Nest site selection by sympatric orange-fronted (Cyanoramphus malherbi) and yellow-crowned parakeets (C. auriceps) in Nothofagus spp. forest: interspecific competition between two closely related species?

TitleNest site selection by sympatric orange-fronted (Cyanoramphus malherbi) and yellow-crowned parakeets (C. auriceps) in Nothofagus spp. forest: interspecific competition between two closely related species?

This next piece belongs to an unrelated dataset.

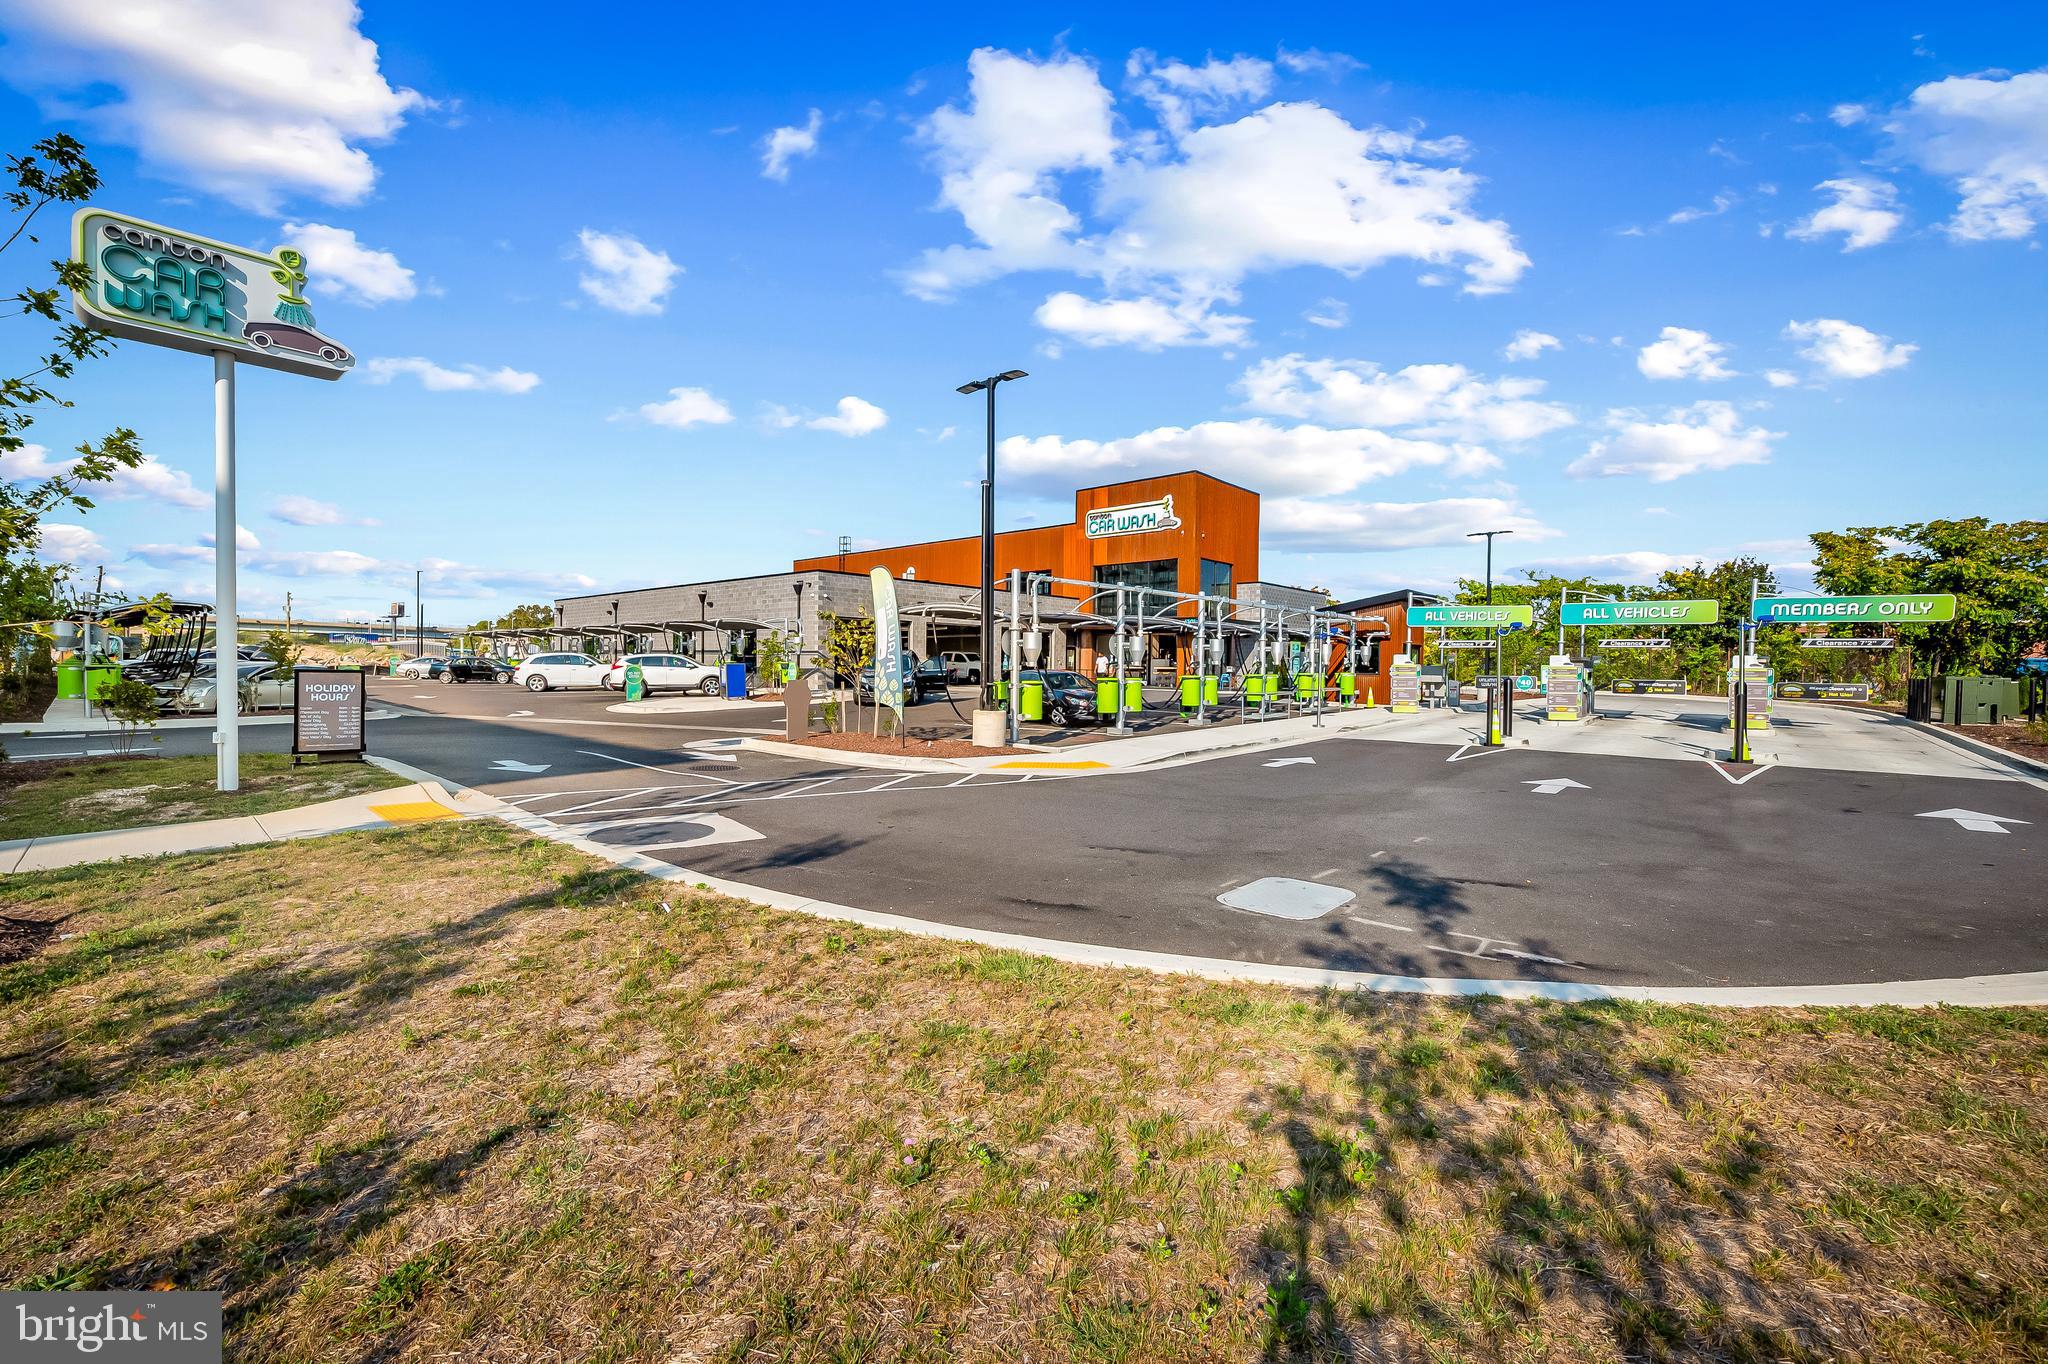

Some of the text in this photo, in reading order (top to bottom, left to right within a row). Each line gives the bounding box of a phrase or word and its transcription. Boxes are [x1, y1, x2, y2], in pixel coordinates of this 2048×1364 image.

Publication TypeJournal Article
Year of Publication2016
AuthorsKearvell, JC, Hal, JV
JournalNotornis
Volume63
Issue1
Pagination9-17
Type of ArticleFull article
Keywordscompetition, nest sites, Nothofagus, Orange-fronted Parakeet, Yellow-crowned Parakeet
Abstract

Orange-fronted (Cyanoramphus malherbi) and yellow-crowned parakeets (C. auriceps) are sympatric congeners that are secondary cavity nesting species, with the former being critically endangered. Both currently inhabit anthropogenically-modified Nothofagus forest. We compared the characteristics of nest sites in both species and found the majority of nest site parameters (tree height, height of hole above ground, DBH, tree condition and aspect) were similar. However, orange-fronted parakeets selected nest cavities with a significantly narrower entrance, and when situated in red beech (Nothofagus fusca), nest entrances were significantly smaller in area than in yellow-crowned parakeets. As the male orange-fronted parakeet is smaller in body mass than the male yellow-crowned parakeet (only males feed nestlings when laying multiple clutches), the difference in nest hole size may simply indicate that they are capable of utilising smaller entrances. We also found that orange-fronted parakeets selected nest holes in standing dead trees more frequently and nest sites in silver beech (N. menziesii) less frequently than expected. While the lack of differences in nest site characteristics suggests some interspecific competition may be occurring between these species (i.e., they occasionally use the same nest holes), it is difficult to establish this experimentally and to determine whether these differences are artefacts of former niche separation in unmodified forest.